Explain the difference between boxing and unboxing. Provide an example.
Boxing is the process of converting a value type to the type object, and unboxing is extracting the value type from the object. While the boxing is implicit, unboxing is explicit.
Example (written in C#):
int i = 13;
object myObject = i; // boxing
i = (int)myObject; // unboxing
What languages does the .NET Framework support?
.NET Framework supports over 60 programming languages, out of these 11 programming languages are designed and developed by Microsoft.
What is Multithreading?
Multi-threading is a process that contains multiple threads each of which performs different activities within a single process. .NET supports multithreading in two ways:
i. Starting threads with ThreadStart delegates.
ii. Using the ThreadPool class with asynchronous methods.
What are tuples in .Net?
A tuple is a fixed-size collection that can have elements of either same or different data types. The user must have to specify the size of a tuple at the time of declaration just like arrays.
Is ASP.NET different from ASP? If yes, explain how?
Yes, ASP.NET is different from ASP. These are the main differences:
- ASP.NET is developed by Microsoft to create dynamic web applications while ASP (Active Server Pages) is a Microsoft’s server side technology use to create web pages.

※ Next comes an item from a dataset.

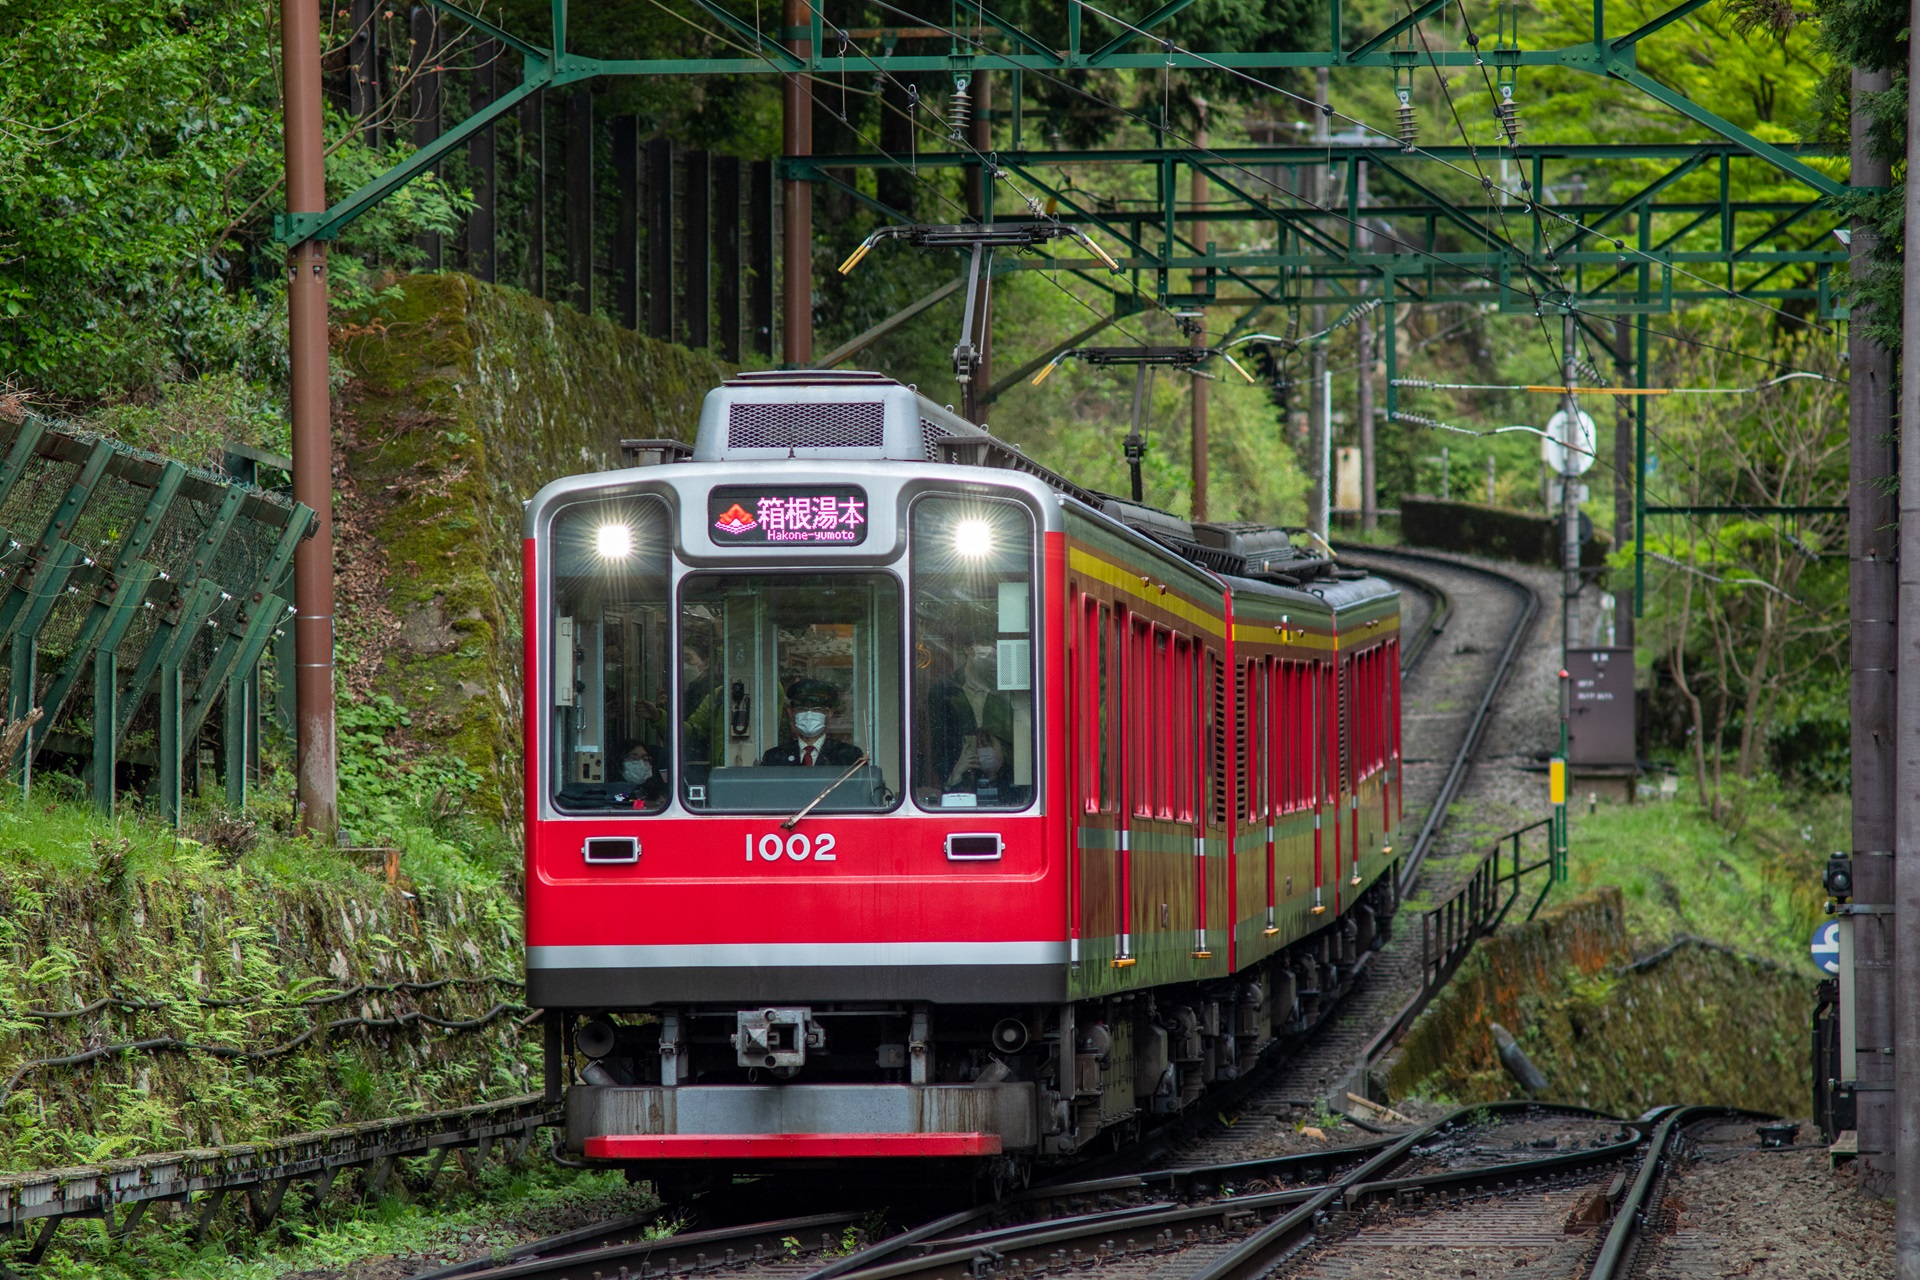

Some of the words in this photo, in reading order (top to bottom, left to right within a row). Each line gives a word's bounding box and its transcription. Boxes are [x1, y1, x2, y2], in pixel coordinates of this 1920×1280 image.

- ASP.NET is compiled while ASP is interpreted.
- ASP uses the technology named ADO while ASP.NET uses ADO.NET.
- ASP.NET is completely object oriented while ASP is partially object oriented.
What are Tuples?
Tuples are data structures that hold object properties and contain a sequence of elements of different data types. They were introduced as a Tuple class in .NET Framework 4.0 to avoid the need of creating separate types to hold object properties.
What is a Garbage Collector?
Garbage collection is a .Net feature to free the unused code objects in the memory.
The memory heap is divided into three generations. Generation 0, Generation 1 and Generation 2.
Generation 0 – This is used to store short-lived objects. Garbage Collection happens frequently in this Generation.
Generation 1 – This is for medium-lived objects. Usually, the objects that get moved from generation 0 are stored in this.
Generation 2 – This is for long-lived objects.
Collecting a Generation refers to collecting the objects in that generation and all its younger generations. Garbage collection of Generation 2 means full garbage collection, it collects all the objects in Generation 2 as well as Generation 1 and Generation 0.
During the Garbage collection process, as the first phase, the list of live objects is identified. In the second phase, references are updated for those objects which will be compacted. And in the last phase, the space occupied by dead objects are reclaimed. The remaining objects are moved to an older segment.
What are the event handlers that we have for the Global.asax file?
- Application Events:
- Application_Start, Application_End, Application_AcquireRequestState, Application_AuthenticateRequest,
- Application_AuthorizeRequest, Application_BeginRequest, Application_Disposed, Application_EndRequest,
- Application_Error, Application_PostRequestHandlerExecute, Application_PreRequestHandlerExecute,
- Application_PreSendRequestContent, Application_PreSendRequestHeaders, Application_ReleaseRequestState,
- Application_ResolveRequestCache, Application_UpdateRequestCache
- Session Events:
- Session_Start, Session_End
Explain the difference between value type and reference type.
Types in .NET Framework are either Value Type or Reference Type. A Value Type is stored in the stack and it holds the data within its own memory allocation. While a Reference Type is stored in the heap and it contains a pointer to another memory location that holds the real data.
What are functional and nonfunctional requirements?
Functional requirements are the basic and mandatory facilities that must be incorporated into a system. Non-functional requirements are quality-related attributes that the system must deliver.